(The input)

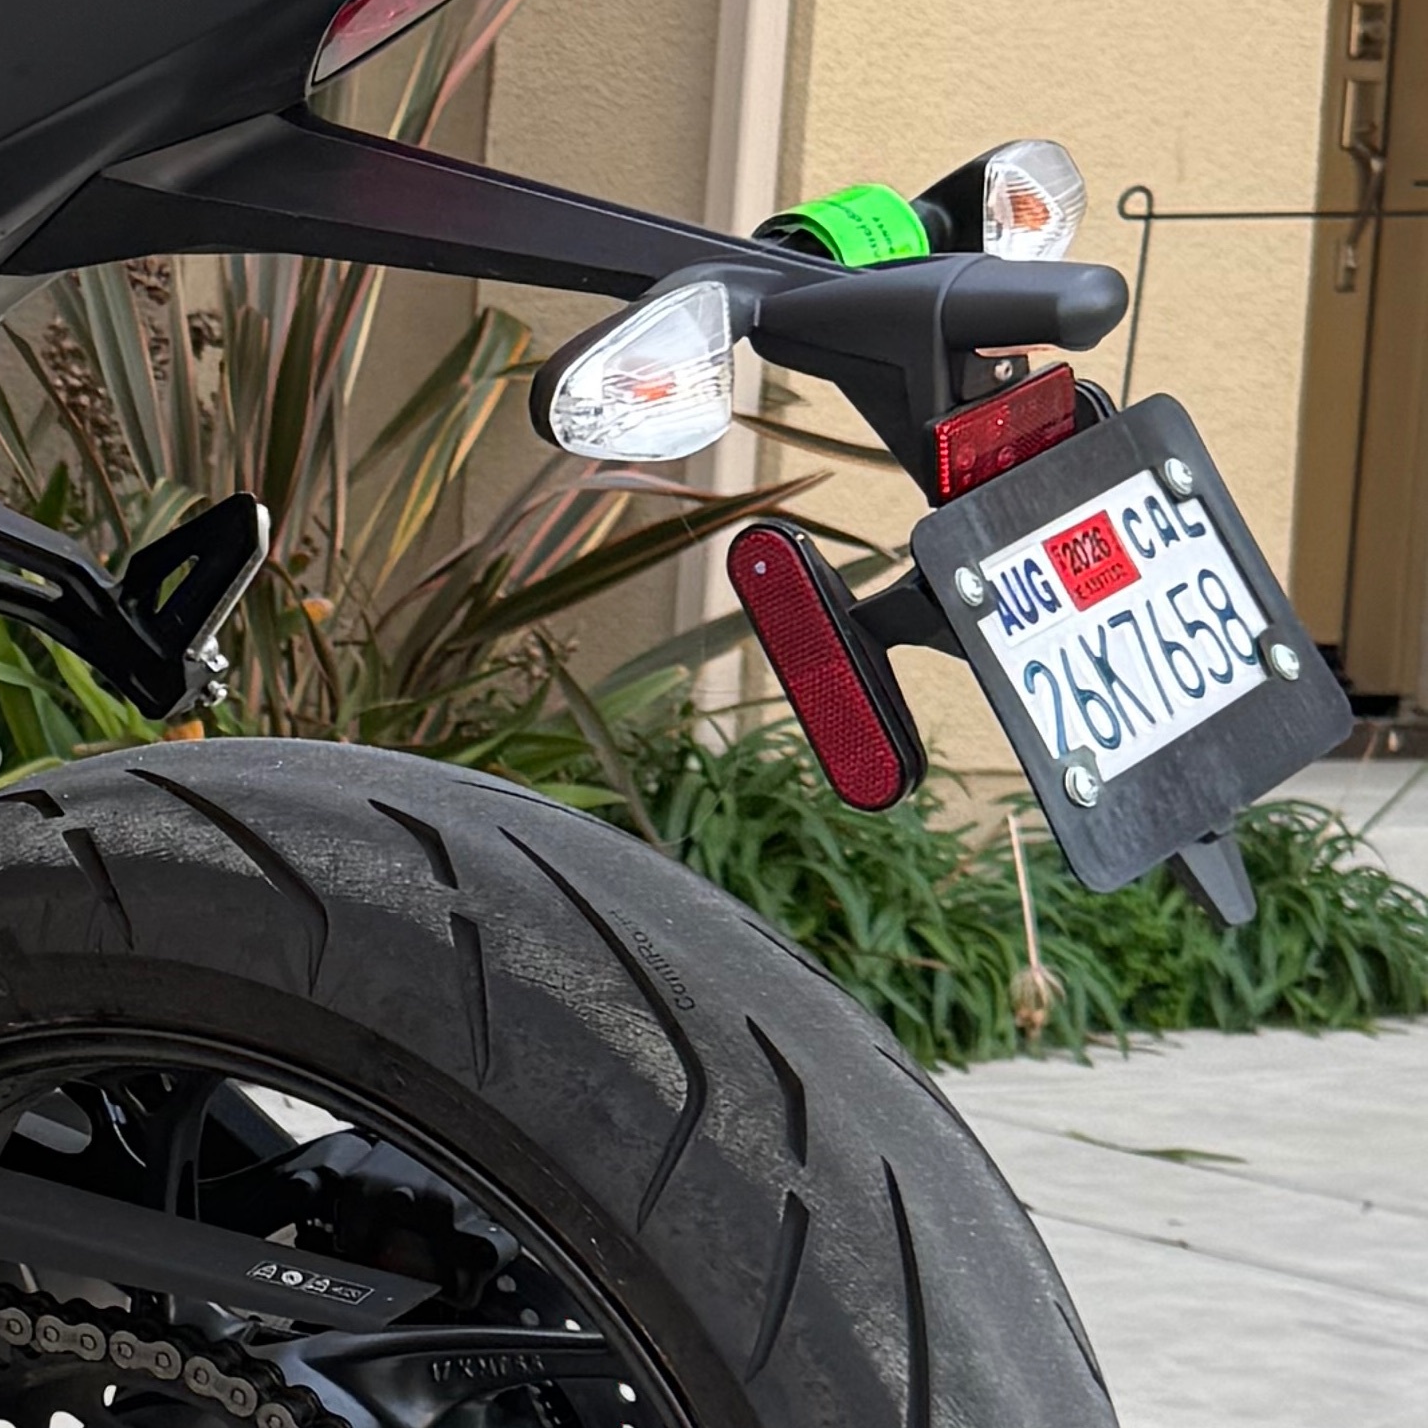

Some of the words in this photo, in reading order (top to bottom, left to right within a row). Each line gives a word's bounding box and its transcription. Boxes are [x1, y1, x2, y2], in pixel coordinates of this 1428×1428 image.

[996, 557, 1062, 636] AUG
[1061, 526, 1112, 576] 2026
[1122, 495, 1206, 560] CAL
[1024, 569, 1259, 755] 26K7658

(End The input)

◆ Exercise details ◆
Retype the records verbatim, excluding each image they hold.

◆ Written response ◆
Some of the words in this photo, in reading order (top to bottom, left to right within a row). Each line gives a word's bounding box and its transcription. Boxes are [x1, y1, x2, y2], in pixel coordinates of this 1428×1428 image.

[996, 557, 1062, 636] AUG
[1061, 526, 1112, 576] 2026
[1122, 495, 1206, 560] CAL
[1024, 569, 1259, 755] 26K7658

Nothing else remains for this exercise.